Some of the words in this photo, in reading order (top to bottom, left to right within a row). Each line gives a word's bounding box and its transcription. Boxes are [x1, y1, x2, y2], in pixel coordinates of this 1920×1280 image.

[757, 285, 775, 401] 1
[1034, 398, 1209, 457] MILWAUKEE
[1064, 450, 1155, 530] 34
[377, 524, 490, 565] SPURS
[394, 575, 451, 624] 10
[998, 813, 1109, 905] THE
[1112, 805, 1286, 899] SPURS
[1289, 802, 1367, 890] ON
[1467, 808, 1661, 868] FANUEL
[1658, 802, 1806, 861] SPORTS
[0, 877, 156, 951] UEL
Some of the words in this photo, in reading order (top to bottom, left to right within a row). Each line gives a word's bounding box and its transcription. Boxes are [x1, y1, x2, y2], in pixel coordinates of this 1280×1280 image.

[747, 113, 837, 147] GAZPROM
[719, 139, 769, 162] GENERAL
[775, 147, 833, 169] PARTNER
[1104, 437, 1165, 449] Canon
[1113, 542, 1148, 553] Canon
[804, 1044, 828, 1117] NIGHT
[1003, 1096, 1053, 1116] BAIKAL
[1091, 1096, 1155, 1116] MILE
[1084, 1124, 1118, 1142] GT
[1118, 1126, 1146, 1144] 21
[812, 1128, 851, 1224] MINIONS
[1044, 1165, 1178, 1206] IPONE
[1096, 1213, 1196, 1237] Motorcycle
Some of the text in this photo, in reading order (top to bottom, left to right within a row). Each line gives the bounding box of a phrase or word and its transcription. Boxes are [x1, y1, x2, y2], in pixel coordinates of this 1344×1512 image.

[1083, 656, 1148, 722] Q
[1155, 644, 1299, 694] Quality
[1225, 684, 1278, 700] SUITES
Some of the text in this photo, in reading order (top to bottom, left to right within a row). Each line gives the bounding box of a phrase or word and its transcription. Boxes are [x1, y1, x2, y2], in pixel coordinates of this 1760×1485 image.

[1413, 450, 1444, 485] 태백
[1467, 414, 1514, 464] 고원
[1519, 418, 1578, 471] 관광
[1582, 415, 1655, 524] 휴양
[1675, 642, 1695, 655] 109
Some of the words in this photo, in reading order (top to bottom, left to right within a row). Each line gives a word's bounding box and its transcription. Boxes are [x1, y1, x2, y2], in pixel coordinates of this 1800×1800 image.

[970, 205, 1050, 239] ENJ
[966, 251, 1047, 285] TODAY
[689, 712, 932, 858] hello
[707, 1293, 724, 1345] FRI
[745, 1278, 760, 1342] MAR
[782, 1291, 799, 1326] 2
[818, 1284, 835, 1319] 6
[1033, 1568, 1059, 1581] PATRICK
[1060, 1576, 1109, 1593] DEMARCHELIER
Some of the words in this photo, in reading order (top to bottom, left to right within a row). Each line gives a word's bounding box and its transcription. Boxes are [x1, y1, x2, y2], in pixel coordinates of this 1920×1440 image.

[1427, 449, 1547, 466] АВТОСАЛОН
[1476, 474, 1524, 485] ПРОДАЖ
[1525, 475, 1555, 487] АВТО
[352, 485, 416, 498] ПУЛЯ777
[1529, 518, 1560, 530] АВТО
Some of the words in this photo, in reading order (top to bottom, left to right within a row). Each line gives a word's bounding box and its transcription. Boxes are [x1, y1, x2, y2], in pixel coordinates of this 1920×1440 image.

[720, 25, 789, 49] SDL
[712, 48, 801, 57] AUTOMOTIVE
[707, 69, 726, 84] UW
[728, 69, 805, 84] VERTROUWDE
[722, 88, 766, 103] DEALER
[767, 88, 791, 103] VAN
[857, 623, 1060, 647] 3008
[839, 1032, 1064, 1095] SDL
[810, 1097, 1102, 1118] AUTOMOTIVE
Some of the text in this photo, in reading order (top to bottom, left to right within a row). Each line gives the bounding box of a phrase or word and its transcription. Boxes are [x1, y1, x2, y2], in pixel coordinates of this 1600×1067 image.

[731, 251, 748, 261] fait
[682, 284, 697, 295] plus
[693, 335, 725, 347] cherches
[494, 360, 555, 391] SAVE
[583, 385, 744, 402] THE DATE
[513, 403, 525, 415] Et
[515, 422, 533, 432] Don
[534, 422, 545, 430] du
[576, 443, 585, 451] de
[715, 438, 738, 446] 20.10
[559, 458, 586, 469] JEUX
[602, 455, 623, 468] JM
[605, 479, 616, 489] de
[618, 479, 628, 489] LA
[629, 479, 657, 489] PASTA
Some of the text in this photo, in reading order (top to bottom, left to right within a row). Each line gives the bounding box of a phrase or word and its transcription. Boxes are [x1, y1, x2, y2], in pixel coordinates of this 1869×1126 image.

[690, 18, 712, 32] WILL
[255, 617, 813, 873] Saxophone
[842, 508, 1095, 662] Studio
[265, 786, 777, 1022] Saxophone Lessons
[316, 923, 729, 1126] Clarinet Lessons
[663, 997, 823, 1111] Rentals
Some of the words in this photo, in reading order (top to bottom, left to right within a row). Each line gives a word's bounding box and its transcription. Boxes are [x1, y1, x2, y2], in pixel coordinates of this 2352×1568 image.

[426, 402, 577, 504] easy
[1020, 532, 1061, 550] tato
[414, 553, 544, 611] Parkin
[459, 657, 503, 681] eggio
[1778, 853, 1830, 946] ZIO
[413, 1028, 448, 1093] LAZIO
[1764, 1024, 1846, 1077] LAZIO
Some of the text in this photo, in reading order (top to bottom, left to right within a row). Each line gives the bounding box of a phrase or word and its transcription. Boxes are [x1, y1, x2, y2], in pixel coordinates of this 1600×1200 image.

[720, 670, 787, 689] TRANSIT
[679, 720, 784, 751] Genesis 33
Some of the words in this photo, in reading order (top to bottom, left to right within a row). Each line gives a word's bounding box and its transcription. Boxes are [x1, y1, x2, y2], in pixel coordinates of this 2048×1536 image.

----------

Required action: Print all of the lines above so that each one matches its original exactly.

Reply to the exercise:
Some of the words in this photo, in reading order (top to bottom, left to right within a row). Each line gives a word's bounding box and its transcription. Boxes are [x1, y1, x2, y2], in pixel coordinates of this 1920×1280 image.

[757, 285, 775, 401] 1
[1034, 398, 1209, 457] MILWAUKEE
[1064, 450, 1155, 530] 34
[377, 524, 490, 565] SPURS
[394, 575, 451, 624] 10
[998, 813, 1109, 905] THE
[1112, 805, 1286, 899] SPURS
[1289, 802, 1367, 890] ON
[1467, 808, 1661, 868] FANUEL
[1658, 802, 1806, 861] SPORTS
[0, 877, 156, 951] UEL
Some of the words in this photo, in reading order (top to bottom, left to right within a row). Each line gives a word's bounding box and its transcription. Boxes are [x1, y1, x2, y2], in pixel coordinates of this 1280×1280 image.

[747, 113, 837, 147] GAZPROM
[719, 139, 769, 162] GENERAL
[775, 147, 833, 169] PARTNER
[1104, 437, 1165, 449] Canon
[1113, 542, 1148, 553] Canon
[804, 1044, 828, 1117] NIGHT
[1003, 1096, 1053, 1116] BAIKAL
[1091, 1096, 1155, 1116] MILE
[1084, 1124, 1118, 1142] GT
[1118, 1126, 1146, 1144] 21
[812, 1128, 851, 1224] MINIONS
[1044, 1165, 1178, 1206] IPONE
[1096, 1213, 1196, 1237] Motorcycle
Some of the text in this photo, in reading order (top to bottom, left to right within a row). Each line gives the bounding box of a phrase or word and its transcription. Boxes are [x1, y1, x2, y2], in pixel coordinates of this 1344×1512 image.

[1083, 656, 1148, 722] Q
[1155, 644, 1299, 694] Quality
[1225, 684, 1278, 700] SUITES
Some of the text in this photo, in reading order (top to bottom, left to right within a row). Each line gives the bounding box of a phrase or word and its transcription. Boxes are [x1, y1, x2, y2], in pixel coordinates of this 1760×1485 image.

[1413, 450, 1444, 485] 태백
[1467, 414, 1514, 464] 고원
[1519, 418, 1578, 471] 관광
[1582, 415, 1655, 524] 휴양
[1675, 642, 1695, 655] 109
Some of the words in this photo, in reading order (top to bottom, left to right within a row). Each line gives a word's bounding box and its transcription. Boxes are [x1, y1, x2, y2], in pixel coordinates of this 1800×1800 image.

[970, 205, 1050, 239] ENJ
[966, 251, 1047, 285] TODAY
[689, 712, 932, 858] hello
[707, 1293, 724, 1345] FRI
[745, 1278, 760, 1342] MAR
[782, 1291, 799, 1326] 2
[818, 1284, 835, 1319] 6
[1033, 1568, 1059, 1581] PATRICK
[1060, 1576, 1109, 1593] DEMARCHELIER
Some of the words in this photo, in reading order (top to bottom, left to right within a row). Each line gives a word's bounding box and its transcription. Boxes are [x1, y1, x2, y2], in pixel coordinates of this 1920×1440 image.

[1427, 449, 1547, 466] АВТОСАЛОН
[1476, 474, 1524, 485] ПРОДАЖ
[1525, 475, 1555, 487] АВТО
[352, 485, 416, 498] ПУЛЯ777
[1529, 518, 1560, 530] АВТО
Some of the words in this photo, in reading order (top to bottom, left to right within a row). Each line gives a word's bounding box and its transcription. Boxes are [x1, y1, x2, y2], in pixel coordinates of this 1920×1440 image.

[720, 25, 789, 49] SDL
[712, 48, 801, 57] AUTOMOTIVE
[707, 69, 726, 84] UW
[728, 69, 805, 84] VERTROUWDE
[722, 88, 766, 103] DEALER
[767, 88, 791, 103] VAN
[857, 623, 1060, 647] 3008
[839, 1032, 1064, 1095] SDL
[810, 1097, 1102, 1118] AUTOMOTIVE
Some of the text in this photo, in reading order (top to bottom, left to right within a row). Each line gives the bounding box of a phrase or word and its transcription. Boxes are [x1, y1, x2, y2], in pixel coordinates of this 1600×1067 image.

[731, 251, 748, 261] fait
[682, 284, 697, 295] plus
[693, 335, 725, 347] cherches
[494, 360, 555, 391] SAVE
[583, 385, 744, 402] THE DATE
[513, 403, 525, 415] Et
[515, 422, 533, 432] Don
[534, 422, 545, 430] du
[576, 443, 585, 451] de
[715, 438, 738, 446] 20.10
[559, 458, 586, 469] JEUX
[602, 455, 623, 468] JM
[605, 479, 616, 489] de
[618, 479, 628, 489] LA
[629, 479, 657, 489] PASTA
Some of the text in this photo, in reading order (top to bottom, left to right within a row). Each line gives the bounding box of a phrase or word and its transcription. Boxes are [x1, y1, x2, y2], in pixel coordinates of this 1869×1126 image.

[690, 18, 712, 32] WILL
[255, 617, 813, 873] Saxophone
[842, 508, 1095, 662] Studio
[265, 786, 777, 1022] Saxophone Lessons
[316, 923, 729, 1126] Clarinet Lessons
[663, 997, 823, 1111] Rentals
Some of the words in this photo, in reading order (top to bottom, left to right within a row). Each line gives a word's bounding box and its transcription. Boxes are [x1, y1, x2, y2], in pixel coordinates of this 2352×1568 image.

[426, 402, 577, 504] easy
[1020, 532, 1061, 550] tato
[414, 553, 544, 611] Parkin
[459, 657, 503, 681] eggio
[1778, 853, 1830, 946] ZIO
[413, 1028, 448, 1093] LAZIO
[1764, 1024, 1846, 1077] LAZIO
Some of the text in this photo, in reading order (top to bottom, left to right within a row). Each line gives the bounding box of a phrase or word and its transcription. Boxes are [x1, y1, x2, y2], in pixel coordinates of this 1600×1200 image.

[720, 670, 787, 689] TRANSIT
[679, 720, 784, 751] Genesis 33
Some of the words in this photo, in reading order (top to bottom, left to right within a row). Each line gives a word's bounding box and its transcription. Boxes are [x1, y1, x2, y2], in pixel coordinates of this 2048×1536 image.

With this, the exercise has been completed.